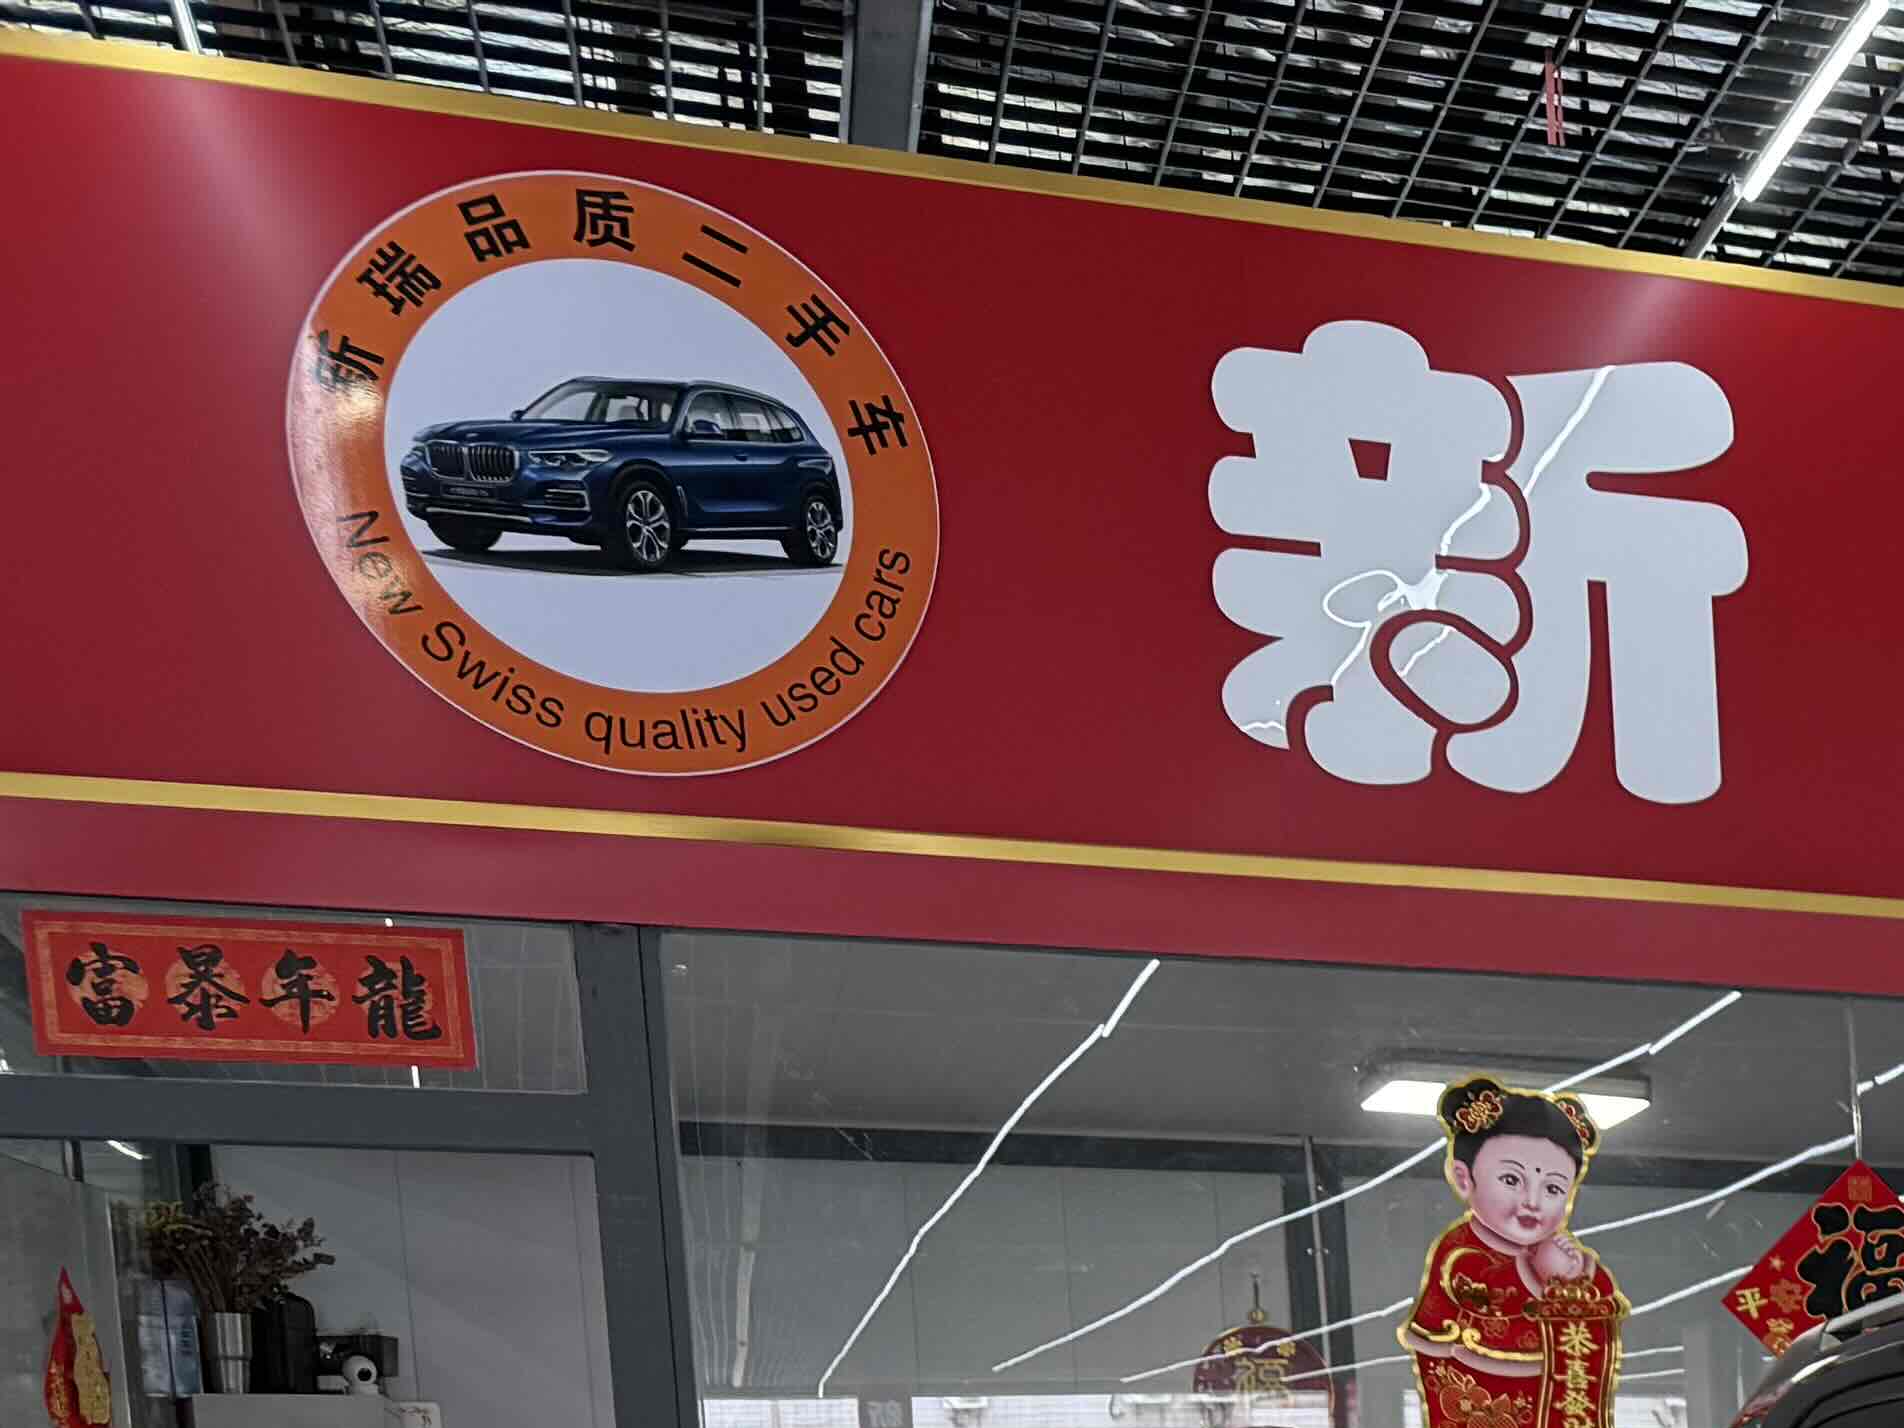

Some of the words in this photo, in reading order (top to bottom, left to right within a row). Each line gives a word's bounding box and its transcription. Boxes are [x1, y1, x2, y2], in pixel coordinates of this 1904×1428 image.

[310, 187, 909, 458] 新瑞品质二手车
[336, 508, 424, 618] New
[420, 620, 567, 729] Swiss
[583, 707, 749, 756] quality
[759, 636, 867, 730] used
[853, 546, 912, 642] cars

** Task goal **
Without including the pictures, return each record above exactly as it stands.

** Solution below **
Some of the words in this photo, in reading order (top to bottom, left to right within a row). Each line gives a word's bounding box and its transcription. Boxes are [x1, y1, x2, y2], in pixel coordinates of this 1904×1428 image.

[310, 187, 909, 458] 新瑞品质二手车
[336, 508, 424, 618] New
[420, 620, 567, 729] Swiss
[583, 707, 749, 756] quality
[759, 636, 867, 730] used
[853, 546, 912, 642] cars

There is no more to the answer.